My Alcohol History Reads Like a Sad Handwritten Book
There is such a sense of ownership when something is written with ink in your own hand writing. There is no denying that it's your handwriting, your thoughts, and your story.
The first assignment I was given in the treatment facility I went to for alcohol was an 'Alcohol and Drug History." The instructions were to write a narrative of my alcohol/drug use from my first drink to my last. Instructions were to include people I was with, feelings, consequences, amount, substance(s) and frequency, making note of any significant changes in them. My counselor didn't tell me what the point of the assignment was, so I just assumed it was for her to see just how messed up I was and what she was dealing with. I worked on this assignment for about a week. It ended up being 19 pages. I felt lucky that mine was only 19 pages. Some girls had written over 30 pages. Some girls drinking history was longer than mine. Some girls were further along in the progression of alcoholism. Once I turned it in, my counselor took a day to read over it and then called me into her office. Come to find out, the assignment was to show me the progression of my disease. As I sat in her office for over an hour, she went paragraph by paragraph analyzing it and explaining all the notes she had made on it.
I have a binder which holds all my work and assignments from rehab, and I will often look through it. As I look back over the 19 pages of my narrative, my counselor made the following notes in the margins with a red pen: effect, need to fit in, consequences, ego, effect, consequences, control, delusion of control, control, priority, need, control, need, justification, priority, solution, progression, powerless, delusion of control, need, dependence, progression, solution, solution, God is good, dependence, solution.

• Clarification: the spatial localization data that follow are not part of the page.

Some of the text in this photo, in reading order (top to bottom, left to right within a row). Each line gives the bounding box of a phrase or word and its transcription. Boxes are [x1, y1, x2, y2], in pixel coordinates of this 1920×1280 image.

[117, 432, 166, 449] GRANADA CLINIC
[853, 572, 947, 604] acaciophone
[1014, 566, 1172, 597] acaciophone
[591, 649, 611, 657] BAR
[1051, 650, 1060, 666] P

Just by reading these words, it is clear to see the progression...and that I have some control issues! I had my first drink when I was twenty years old and took my last drink twelve years later. The twenty year old 'me' liked the effect produced by alcohol. It was a state of euphoria. It made me feel relaxed, happy and confident. I wasn't suffering any major consequences other than the occasional hangover. I was drinking on the weekends with friends out at parties like most all college kids do. Thirty-two year old 'me' was a completely different story. Alcohol had become my solution...my master. There was nothing relaxing, happy or confident about it. Those feelings had been replaced with guilt, shame and hopelessness. I was dependent on alcohol to make me feel some sort of normalcy. I was experiencing major consequences. I was drinking to overcome a craving beyond my control. As I have said before, alcohol wasn't my problem, reality was my problem, alcohol was my solution.

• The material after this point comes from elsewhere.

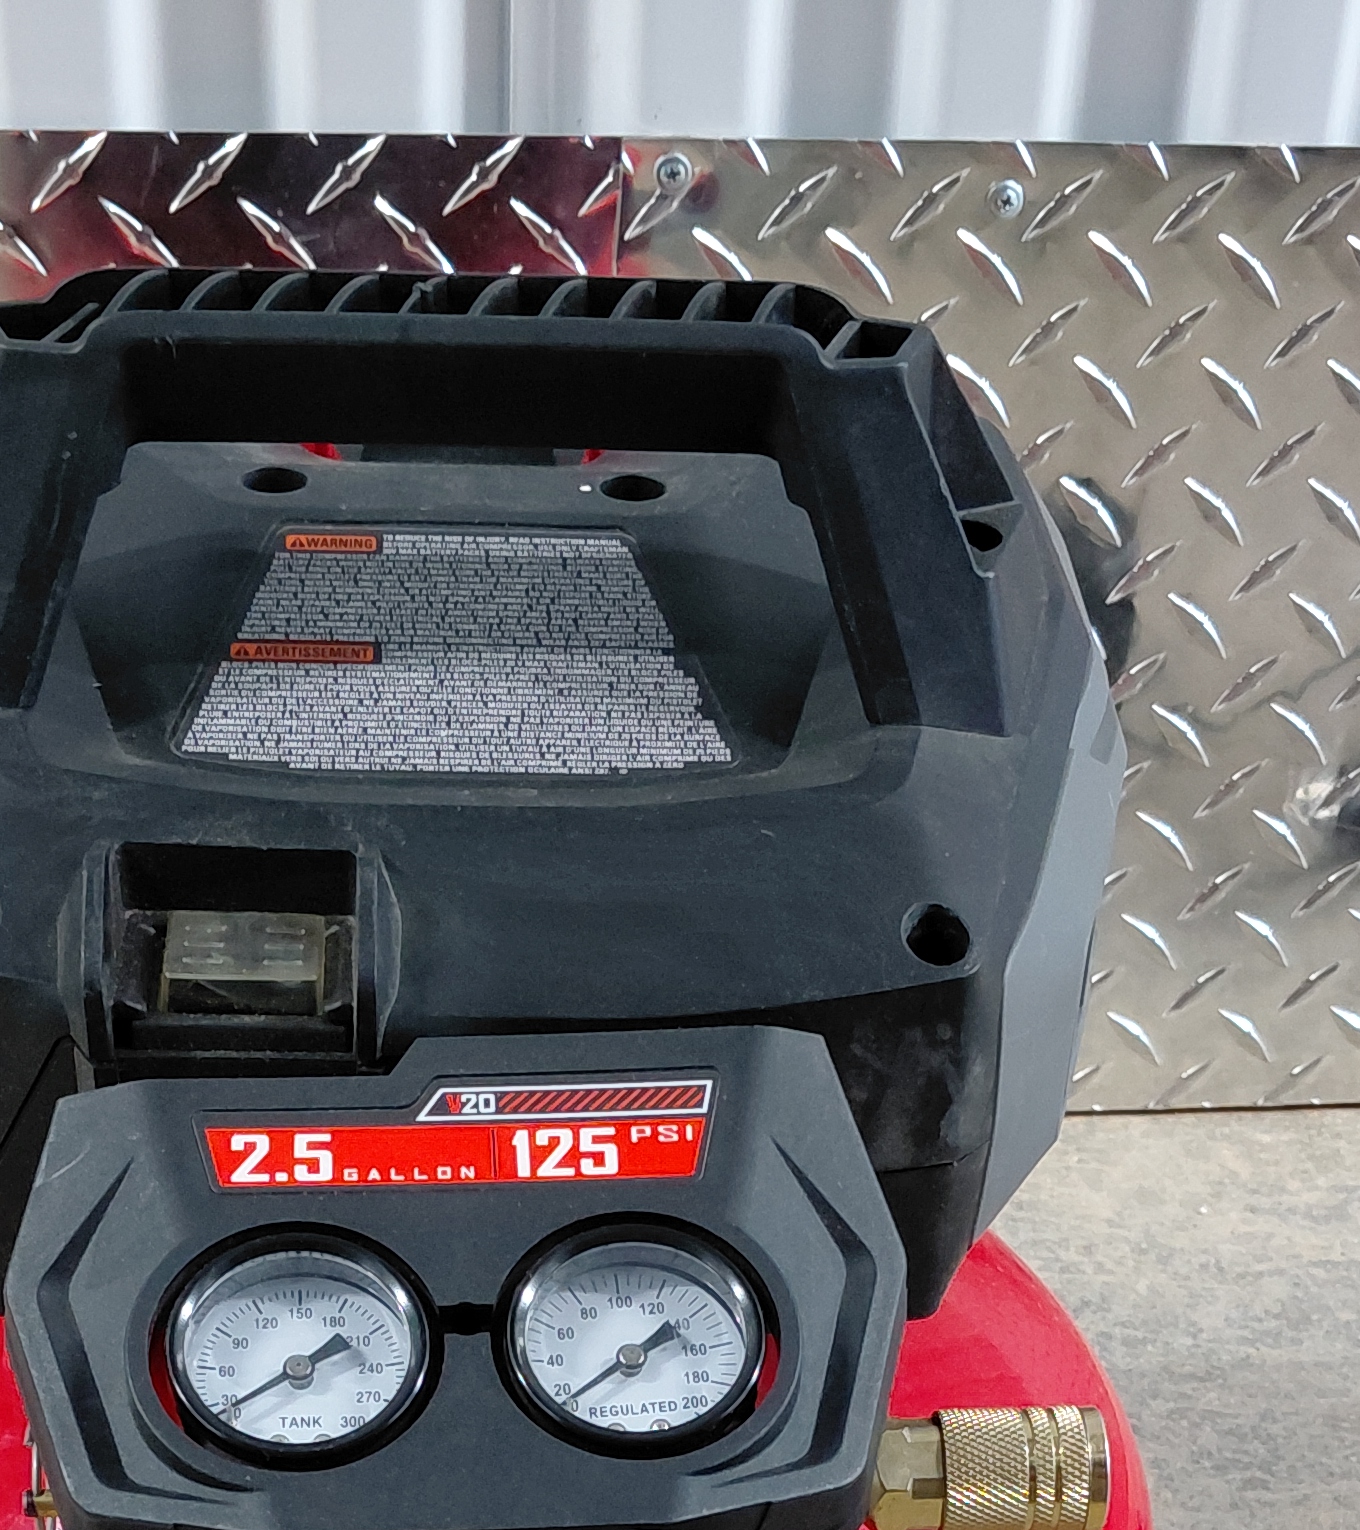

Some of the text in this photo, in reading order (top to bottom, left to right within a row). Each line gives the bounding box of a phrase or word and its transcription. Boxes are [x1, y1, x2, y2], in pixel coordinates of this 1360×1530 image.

Within these twelve years, there were extensive periods of time that I didn't drink on any kind of regular basis. Later, there were times I would "give up" drinking for days, or weeks. Those times were usually marked with the red pen where consequences is noted in the margins. I would do something stupid and swear I would never drink again. Like the time I woke up with a hospital band around my wrist with no recollection of being in the hospital the night before, or what had happened to get me there. I had fallen backwards down a flight of stairs, landing on the sidewalk outside my apartment in San Francisco on my 26th birthday. Or the time I got so drunk at my brother's wedding, fell out of a golf cart, passed out, and woke up with a black eye. Again, with no recollection. My nephew, 5 years old at the time was so terrified witnessing the whole thing, not really understanding what was wrong with me. My nephew, now 9 years old, will occasionally bring it up and tell me how he thought I was dying. Talk about heartbreaking. I think both those times I stopped drinking for maybe a week. These are just two examples of more than I can count, and by far are not the worst. No matter if I was drinking once a week, a couple times a month or everyday, I have never had the ability to control the amount. No matter how many times I would tell myself that this time was going to different, it never was. It wasn't until I sat in the rooms of Alcoholics Anonymous, that I began to understand why.

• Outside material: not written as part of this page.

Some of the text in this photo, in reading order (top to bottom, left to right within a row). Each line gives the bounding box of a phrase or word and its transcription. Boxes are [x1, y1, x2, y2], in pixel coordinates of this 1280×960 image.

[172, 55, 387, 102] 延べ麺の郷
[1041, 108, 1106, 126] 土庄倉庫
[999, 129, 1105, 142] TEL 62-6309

Chapter Three of the Big Book, More About Alcoholism, says, "Most of us have been unwilling to admit we were real alcoholics. No person likes to think he is bodily and mentally different from his fellows. Therefore, it is not surprising that our drinking careers have been characterized by countless vain attempts to prove we could drink like other people. The idea that somehow, someday he will control and enjoy his drinking is the great obsession of every abnormal drinker. The persistence of this illusion is astonishing. Many pursue it into the gates of insanity or death.
We learned that we had to fully concede to our innermost selves that we were alcoholics. This is the first step in recovery. The delusion that we are like other people, or presently may be, has to be smashed.
We alcoholics are men and women who have lost the ability to control our drinking. We know that no real alcoholic ever recovers control. All of us felt at times that we were regaining control, but such intervals--usually brief--were inevitably followed by still less control, which led in time to pitiful and incomprehensible demoralization. We are convinced to a man that alcoholics of our type are in the grip of a progressive illness. Over any considerable period we get worse, never better. "
By the time I acknowledged my defeat, I had two choices. I could continue on the road I was on, unwilling to accept help, eventually ending with death, or I could accept help, admitting I was powerless over alcohol and begin a road of recovery. I chose the latter.